# What you are asked to do
A faithful copy of the listing below is needed, with its pictures left out.

# Records shown
##########
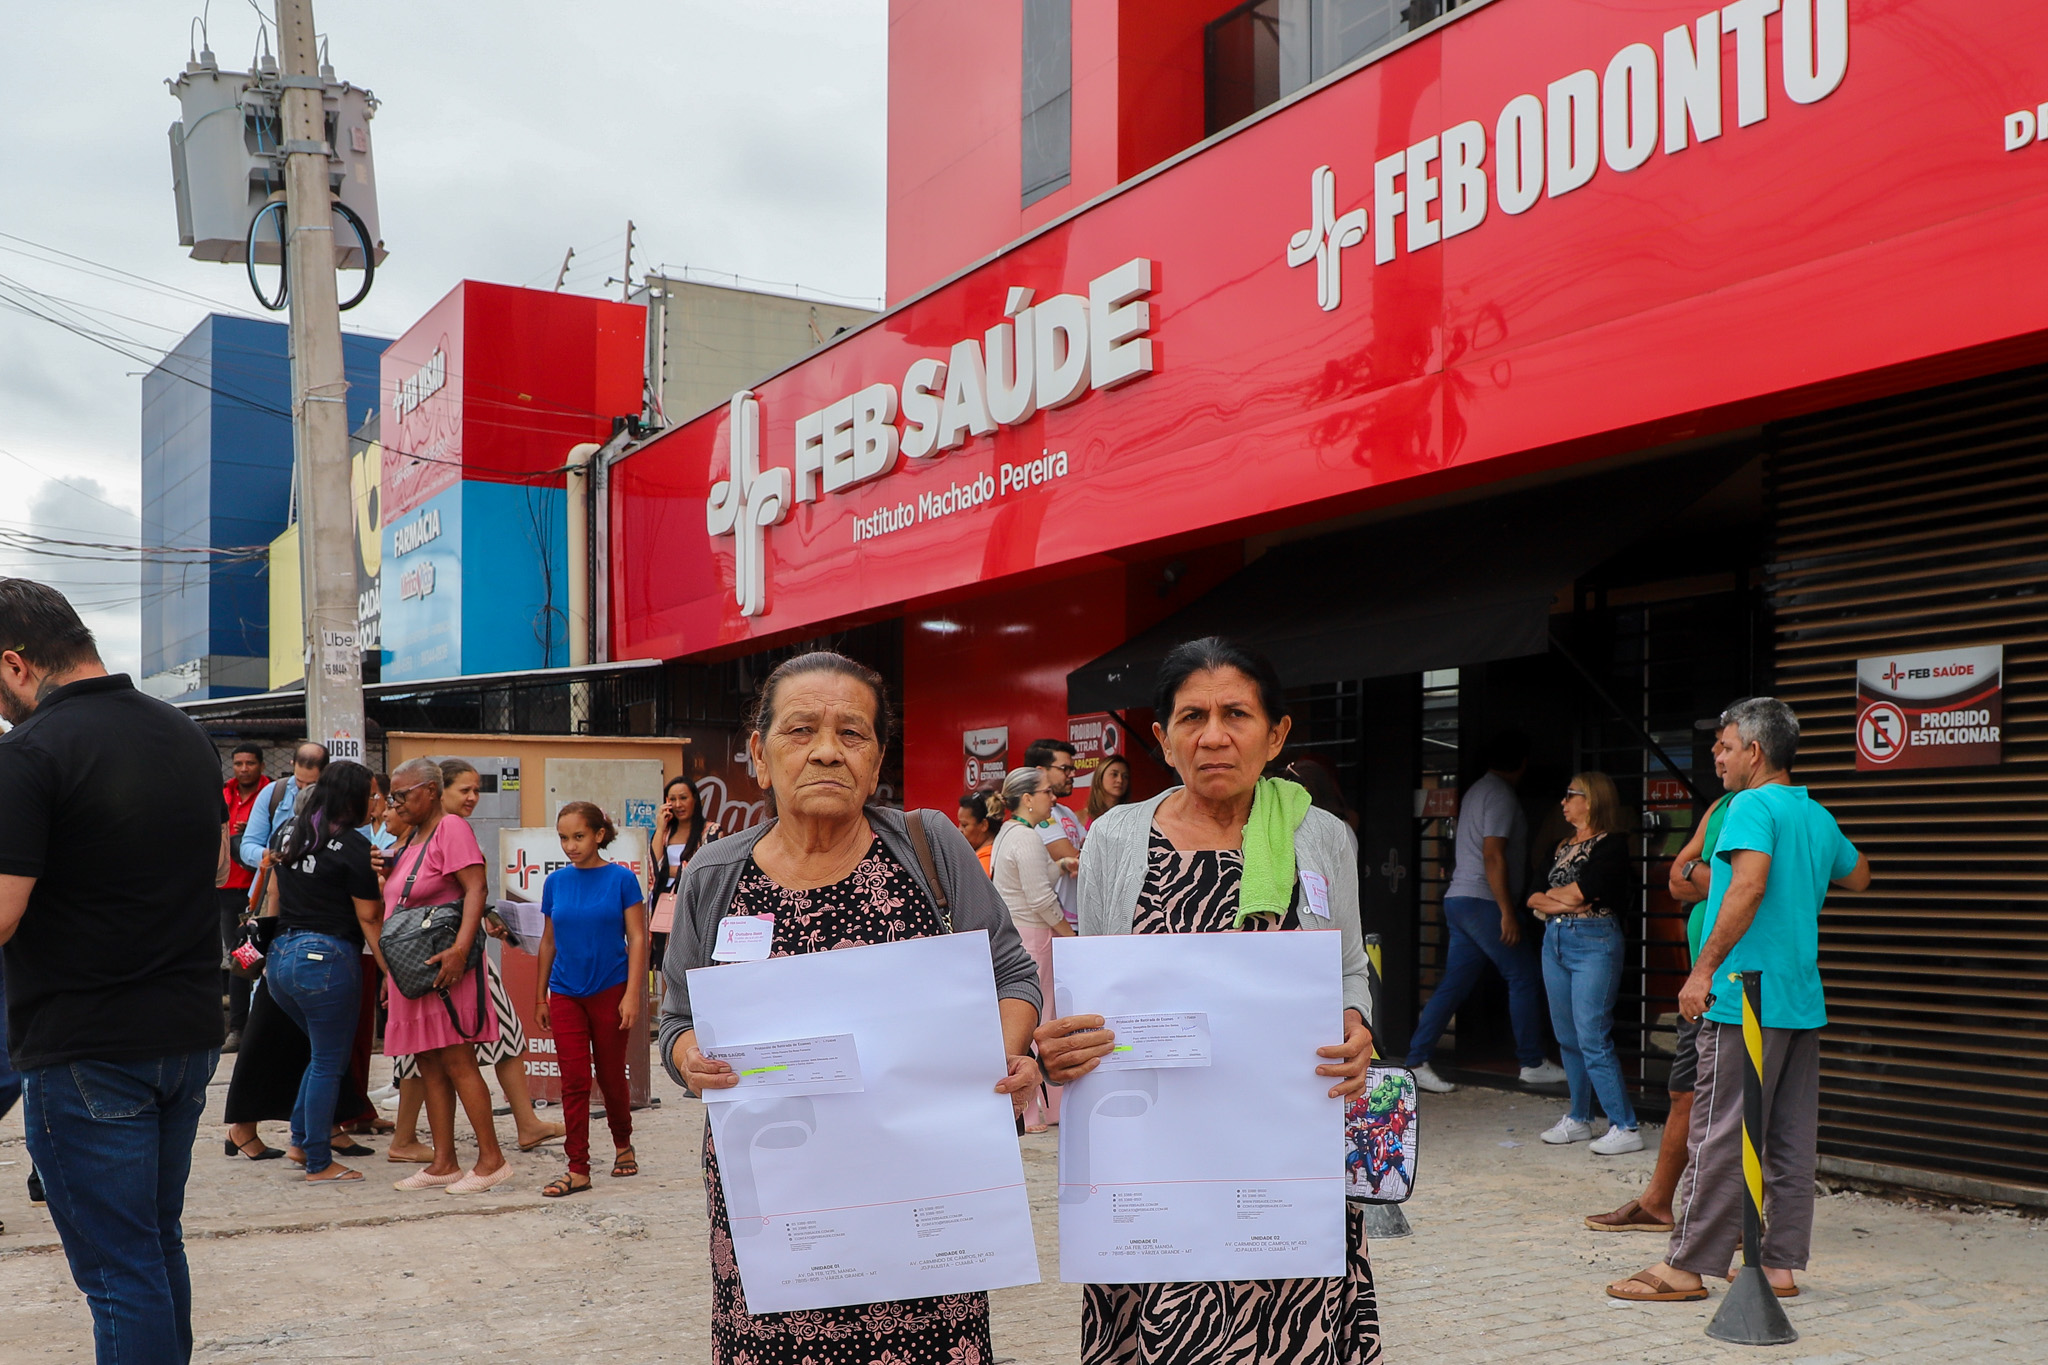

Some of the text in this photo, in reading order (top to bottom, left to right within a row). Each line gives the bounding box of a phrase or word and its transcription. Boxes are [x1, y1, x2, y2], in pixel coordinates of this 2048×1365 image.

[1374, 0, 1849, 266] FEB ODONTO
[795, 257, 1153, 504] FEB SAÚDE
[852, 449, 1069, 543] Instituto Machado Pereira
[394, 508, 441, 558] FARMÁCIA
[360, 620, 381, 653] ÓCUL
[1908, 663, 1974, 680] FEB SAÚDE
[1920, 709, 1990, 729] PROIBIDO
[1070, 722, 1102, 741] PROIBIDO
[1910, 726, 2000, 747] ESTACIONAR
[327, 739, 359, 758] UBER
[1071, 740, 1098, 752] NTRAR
##########
# Answer space
Some of the text in this photo, in reading order (top to bottom, left to right within a row). Each line gives the bounding box of a phrase or word and its transcription. Boxes are [x1, y1, x2, y2], in pixel coordinates of this 2048×1365 image.

[1374, 0, 1849, 266] FEB ODONTO
[795, 257, 1153, 504] FEB SAÚDE
[852, 449, 1069, 543] Instituto Machado Pereira
[394, 508, 441, 558] FARMÁCIA
[360, 620, 381, 653] ÓCUL
[1908, 663, 1974, 680] FEB SAÚDE
[1920, 709, 1990, 729] PROIBIDO
[1070, 722, 1102, 741] PROIBIDO
[1910, 726, 2000, 747] ESTACIONAR
[327, 739, 359, 758] UBER
[1071, 740, 1098, 752] NTRAR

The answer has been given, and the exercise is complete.